======== Source records

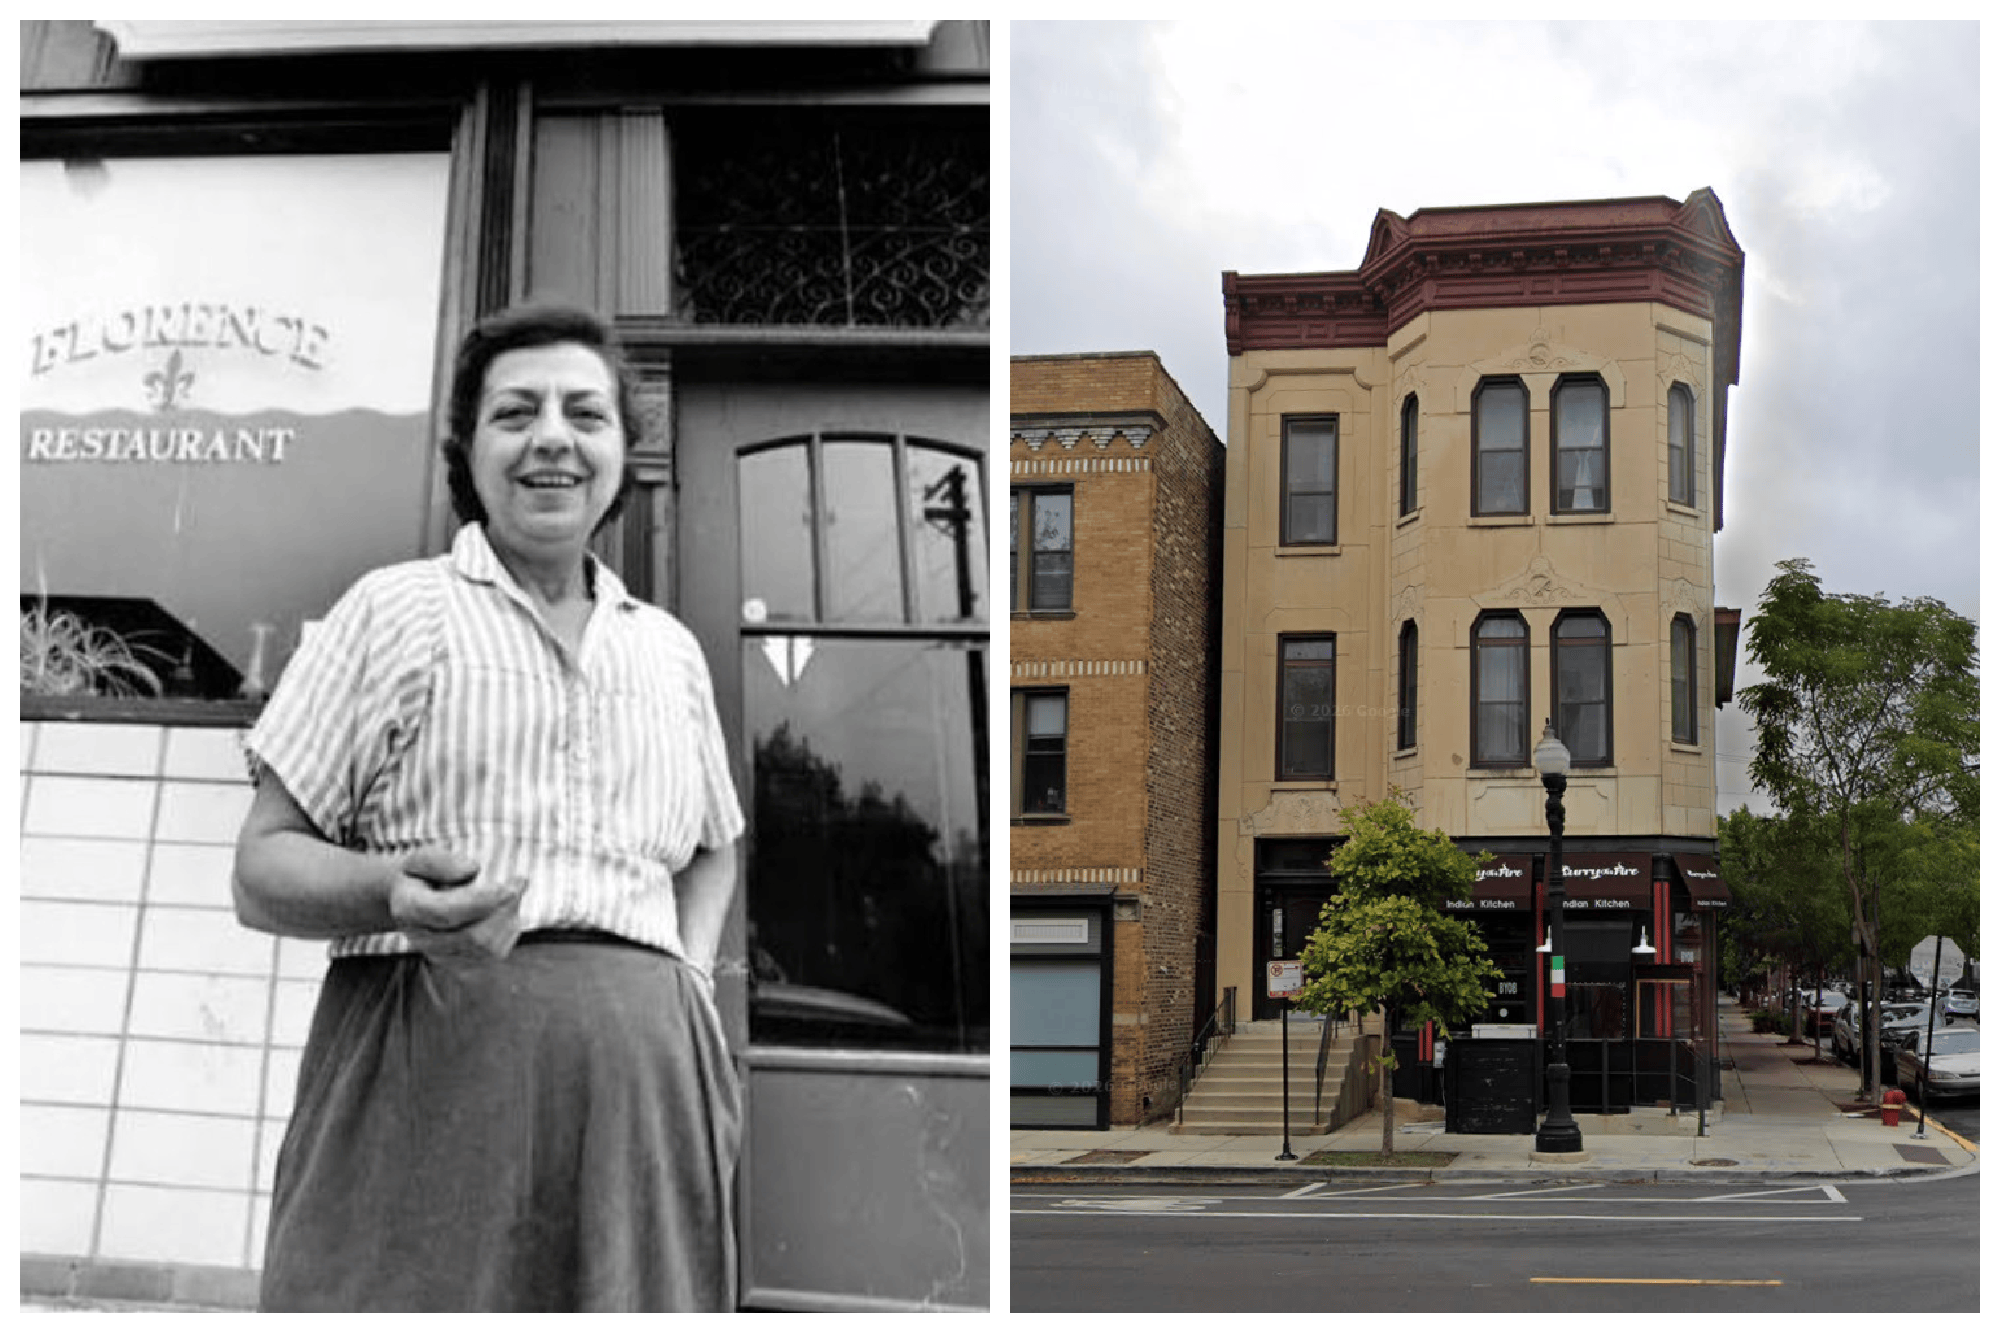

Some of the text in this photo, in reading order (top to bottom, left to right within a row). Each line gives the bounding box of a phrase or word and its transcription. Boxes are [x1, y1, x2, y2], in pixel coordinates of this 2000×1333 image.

[31, 301, 331, 376] FLORENCE
[28, 426, 296, 464] RESTAURANT
[1480, 899, 1515, 909] Kitchen
[1562, 899, 1630, 909] ndian Kitchen

================

## Exercise directions
Copy all entries exactly; skip pictures.

## Output below
Some of the text in this photo, in reading order (top to bottom, left to right within a row). Each line gives the bounding box of a phrase or word and its transcription. Boxes are [x1, y1, x2, y2], in pixel coordinates of this 2000×1333 image.

[31, 301, 331, 376] FLORENCE
[28, 426, 296, 464] RESTAURANT
[1480, 899, 1515, 909] Kitchen
[1562, 899, 1630, 909] ndian Kitchen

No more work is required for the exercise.